Charlotte Howells continues her quest to do what she shouldn't, by eating...
Women aren't supposed to eat. Ok, so maybe they can eat something, like the occasional stick of no-calorie celery and periodic sips of diet coke. But eating a three course meal with dessert won't win you any admirers. The media is often criticized for perpetrating this ideology, what with the size zero documentaries, waif-like models and the hero-worship of Kate Moss. But I don't believe they are entirely to blame, in fact, I think we are. Do we ladies not look aghast at the girl scoffing down a triple burger while we pick at our salad? Do we not praise our friends and celebrate their gorgeousness when they've lost weight, and keep schtum when their favourite jeans no longer fit? Let's be honest: we believe thin is better and eating is bad as much as any newspaper.
So, faced up against all this evidence that eating is a sin if you have a vagina, I did exactly the opposite. I ate. A lot. In public.
I should point out that this isn't exactly unusual for me. No one could accuse me of bordering on size zero, and it's a commonly referred to fact throughout my family and friends that I eat more than my boyfriend by a long way. But that still didn't prepare me for peoples' reactions when I purposely ate all the pies. Or in actual fact, all the giant, gooey, deluxe chocolate cake.
You see, when it comes to food, the sexes are divided in much the same way as when it comes to sex. Girls that have a lot are bad, boys that have a lot get bought pints in the pub. Proving this theory was simple - back to that chocolate cake. That very good looking, very large, and very satisfying chocolate cake. A whole one, I should point out. In sight of several males, I plonked it on the table, and began to enjoy it. Sans forks, I got down to business with my fingers. I got through one slice before the comments began.
'Are you going to eat that whole cake?', 'Do you want to put that away now before it's all gone?', 'Aren't you full yet?', 'Are you having any dinner?'. The females in the room were silent, but I could feel the disapproval. Three pieces in, I gave up. I was no longer enjoying it, and felt like I couldn't carry on the in presence of others. Faced with this kind of obvious disapproval of a healthy appetite, albeit a slightly exaggerated one in this case, it's easy to see how some would turn to binging and purging in private.

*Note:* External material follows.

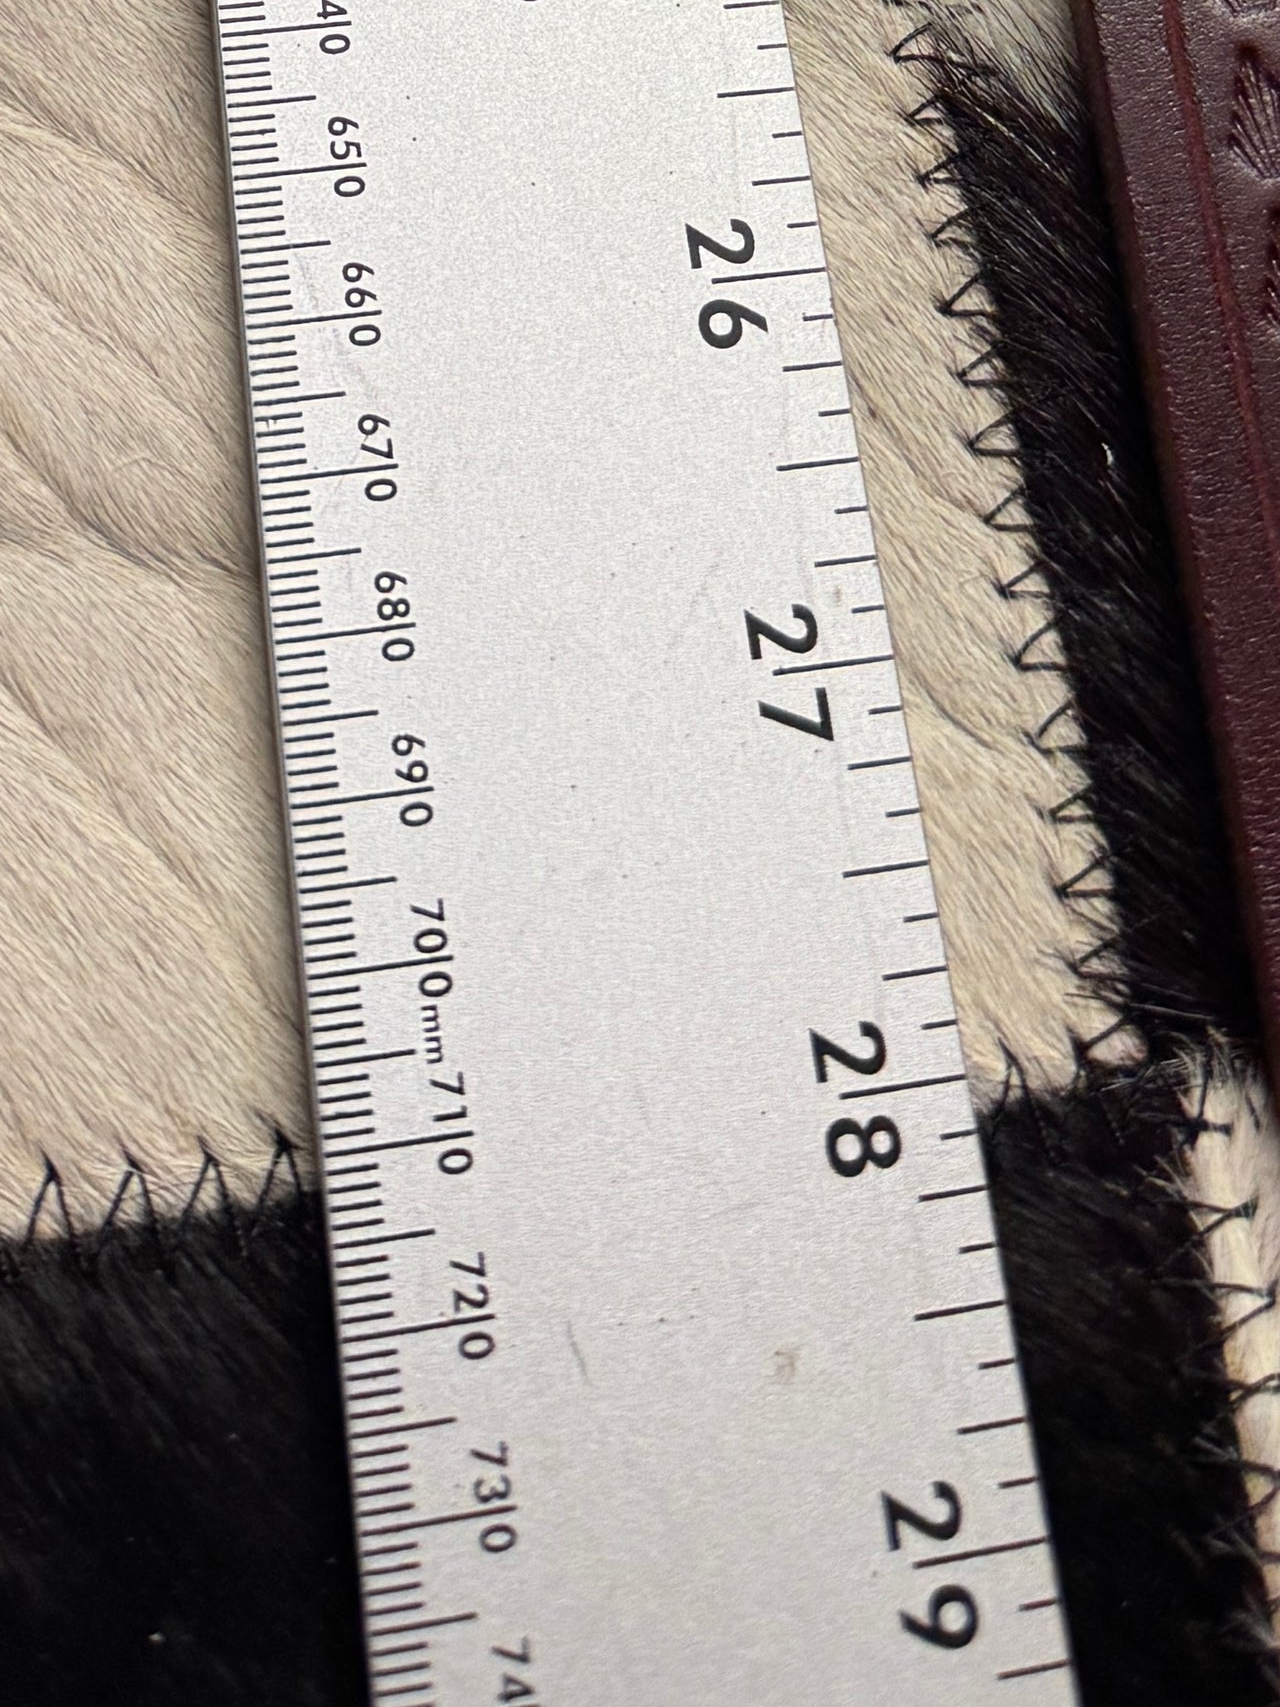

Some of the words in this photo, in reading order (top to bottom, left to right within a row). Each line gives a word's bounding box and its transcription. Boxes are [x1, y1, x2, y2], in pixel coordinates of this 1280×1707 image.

But what about the men? After one of my commenters had consumed five oversized burgers in one stomach busting session, there was no 'well meaning' comments like I'd received, only murmurs of respect. Then whenever friends came round, they were regaled with the story of how he could put away five burgers. My cake? It was never mentioned again, or maybe it was that I never heard it mentioned again. If we convert food-speak to sex-speak, I was the slag, he was the stud.
But scrap that - I've got a new theory on eating. It comes thanks to US Glamour magazine, who ran an article which posed the question: when you're 80, how would you like to be remembered? The woman who abstained from bad food and spent all her time worrying about her weight, yet was skinny as a rake. Or the woman who ate healthy food (topped up with treats aplenty) and actually had a good time. I know which I'd like to be. So throw away the celery and diet coke, and bring on the chocolate cake.
Charlotte Howells is the editor of Kiss and Makeup and Nollie, and enjoys cake, chocolate and calories as much as any man.